# Gulf Shores



## Toothy Critter (Sep 20, 2012)

Family and I came down last weekend and I had some quick luck. Fished from 4a.m. to 7:30a.m. Sat. morning and caught two 15 inch pompanos and a 6 ft plus blacktip on a casted bait. Sunday from 6p.m. to 7:30 p.m. I caught a 16inch bluefish, small pompano, and a 4ft plus blacktip, also on a casted bait. Both sharks were released unharmed. Several hardheads (catfish) and a few hardtails were also caught.


----------



## GROUPERKING (Sep 28, 2011)

Welcome to the PFF. Thanks for the pompano report .


----------



## Chris V (Oct 18, 2007)

Nice report and welcome!


----------



## allen529 (Jun 16, 2012)

Next time don't release the blacktips. I counted 12 separate sharks this morning at the end of the pier. I lost three hardtails and riggings to sharks before calling it quits. Only one king made to the pier alive. Two others were bitten in half just behind the head. 

The sharks are horrible there without chumming and you're not allowed to land one on the pier which just encourages more sharks. No wonder when someone gets bit swimming they blame the local fishermen.


----------



## straiders98 (Aug 6, 2012)

Do not do this ^


----------



## JerseyDevil13 (Apr 21, 2012)

Concur with straiders98, no point killing them unless you're going to eat them.


----------



## allen529 (Jun 16, 2012)

Where do I say just kill them? I said don't release them as in harvest them too.


----------



## Pier#r (Oct 2, 2007)

Glad to hear of some pompano this weekend. It was dead for me at Ft Morgan Saturday.

You probably did right releasing the smaller shark ("a 4 ft plus blacktip").
AL rec regs http://www.outdooralabama.com/images/file/Size_bag%20limits(5).pdf state 54" FL (30” dressed) 

And the larger (legal) ones are tougher and probably high in mercury.
No doubt they are a PITA though, especially around the GSPPier.


----------



## JerseyDevil13 (Apr 21, 2012)

"Next time don't release the blacktips," that was the part that infers killing them. Your words, not mine.


----------



## allen529 (Jun 16, 2012)

Lol whatever.
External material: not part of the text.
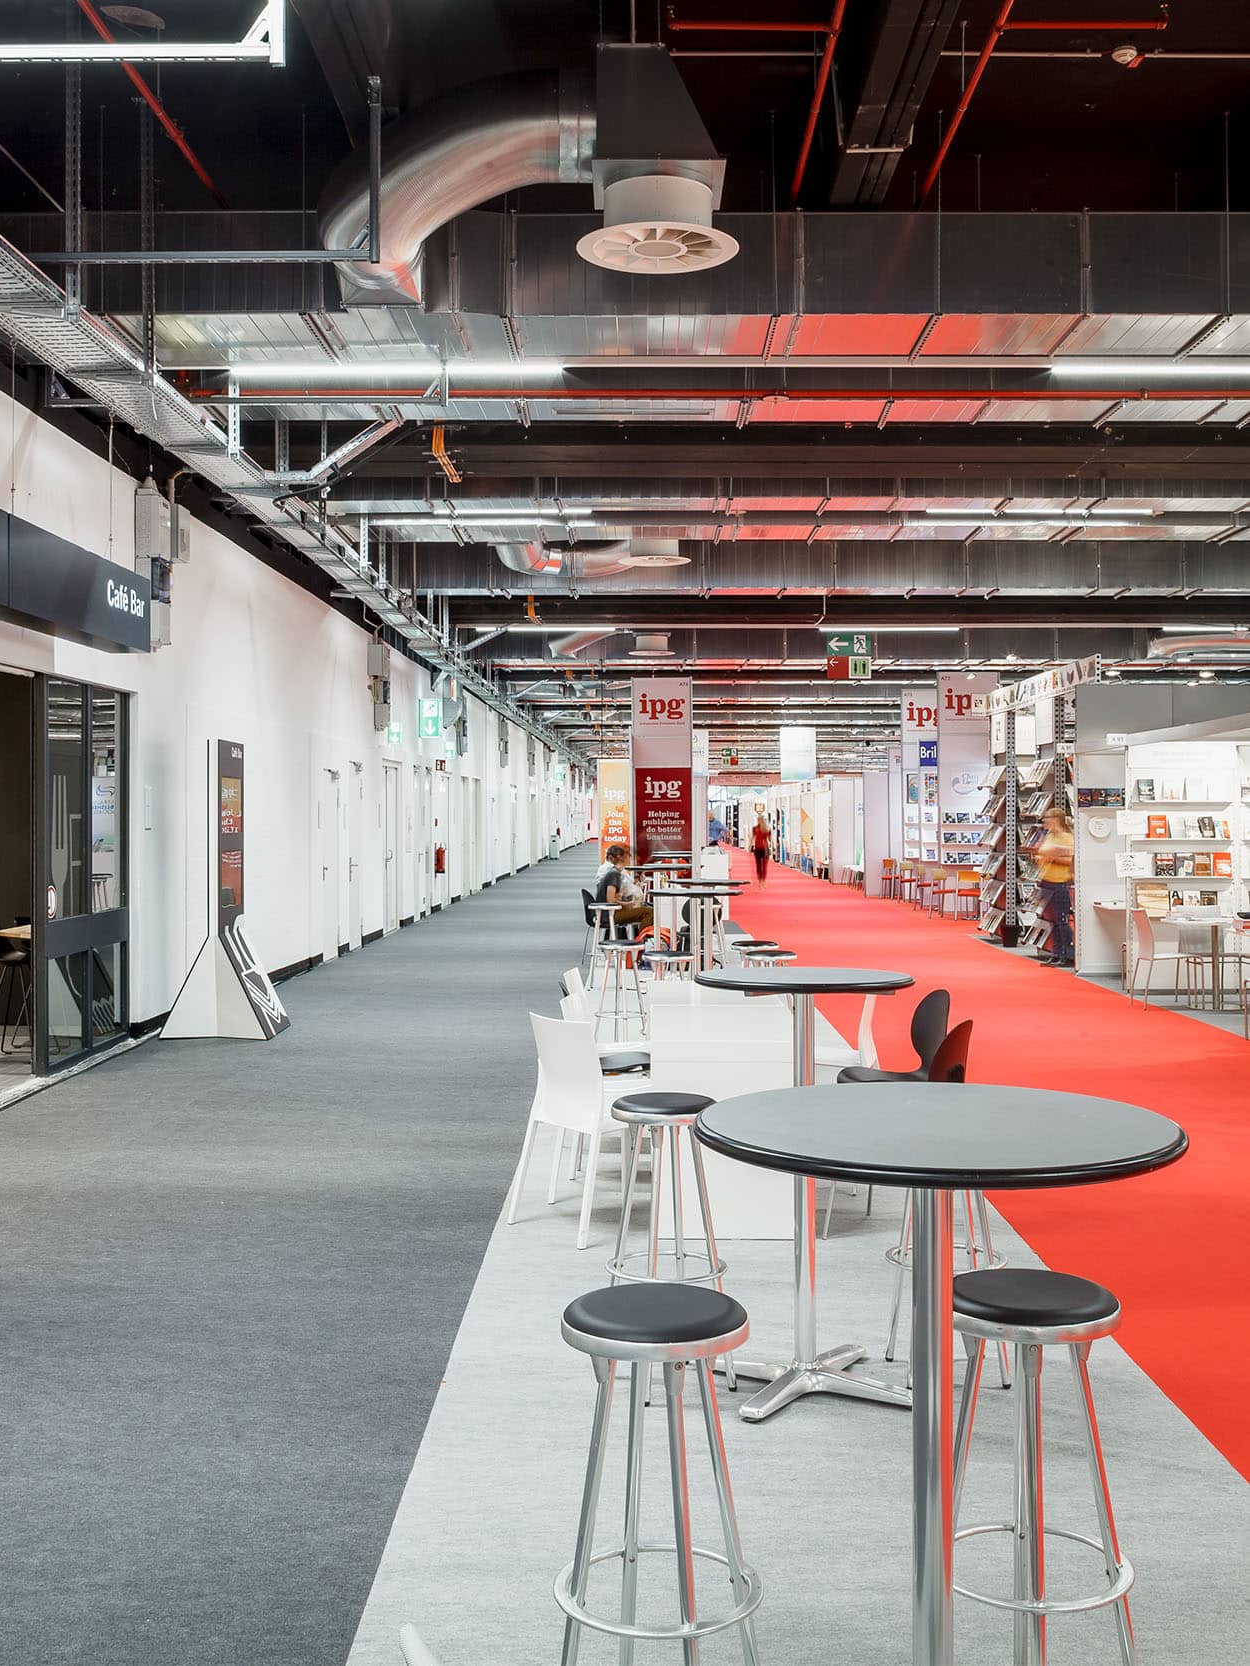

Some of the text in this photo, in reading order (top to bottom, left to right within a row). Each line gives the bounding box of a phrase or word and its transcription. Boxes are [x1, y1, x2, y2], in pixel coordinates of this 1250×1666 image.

You don't know me or anything else. If I had meant to say kill them I would have said it. If I had meant to say kill them I might have suggested driving a nail through their heads or cutting off their tails. But I didn't did I? I said don't release them which could also imply aking them home with him. 

Allen


----------



## allen529 (Jun 16, 2012)

Oh and its against the law to catch sharks on the pier or I would not release blacktips under 55" myself.

Allen


----------



## JerseyDevil13 (Apr 21, 2012)

Allen, too funny, no hard feelings. There are enough people out there who deserve hard feelings without getting into it with a fellow fisherman. Heck I could be fishing next to you tomorrow. Good luck and tight lines. I just have a soft spot for the toothy critters. Growing up I wasn't able to go after any of the glamorous deep water stuff, the biggest game I could go after were sharks. Had lots of fun with them so I try to let them go when I don't have the freezer space. I just still remember back when guys would kill them just to kill them and then leave them on the beach or in dumpsters or wherever to rot. Not the way for fish like that to go. Just out of curiosity, how far out on the pier did you see them? I used to catch sharks near a pier like this up in NJ where the rules were the same. We used to wait till the wind was blowing offshore and then drift baits to the sharks from the beach using balloons. That way you could hook them and then work them away from the pier as you landed them. Might be a solution to the problem....


----------



## redfishreaper (Apr 23, 2012)

hey guys sense we are on the shark topick. i have ben interested in going fishing for black tip in the pass for a long time and was wondering what time of the year they are in the sound and what regulations are and if they are any good to keep or should i let them go?


----------



## weedline (Aug 20, 2011)

if u wish to kill a shark that is legal and u eat it fine i have no problem there but some people dont like the urin flavor and i know all about gutting and bleeding them as soon as caught and they still taste like piss to me 
with that said i rarely give fish away if i dont eat them or give them to close friends or family they go back so why should anyone tell this guy what to do with his fish he caught them had fun and let them go thats great 
the biggest mistake out of towners make is keeping fish with no means or no use for them when they get home they kill before the fish is made of use of i mean if my neighbor said they want a shark i will kill them 1 but what good is 100 lbs of meat just looking for someone to take it this guy did good wish more people were like that


----------



## straiders98 (Aug 6, 2012)

I would say they're pretty much every where, all the time.


----------



## allen529 (Jun 16, 2012)

JerseyDevil, no problems brother. As to seeing them I have seen them (4'-8') within 75 yards of the shore but usually its about the first set of restrooms T area where there are fish cleaning stations. Everyone throws the offal into the water there and there is at least 2 8' blacktips or spinners there. One of the regulars said yesterday that he was seeing bull sharks hanging around more frequently too. I haven't seen any bulls sharks yet.

Allen


----------



## JerseyDevil13 (Apr 21, 2012)

Gotcha, I know right where you're talking about. It's no wonder they're hanging out there, sounds like its a continuous food trough for them. Guess I'll have to start watching the wind, might get a shot at the old balloon trick if the weather lines up with my days off.


----------



## allen529 (Jun 16, 2012)

JD, Give me a couple days warning through a PM and I will try to join you. But I have heard that there is a city ordnance against sharking from the beach. I do not know and am just repeating what I heard. It might be worthwhile checking before doing it. 

Allen


----------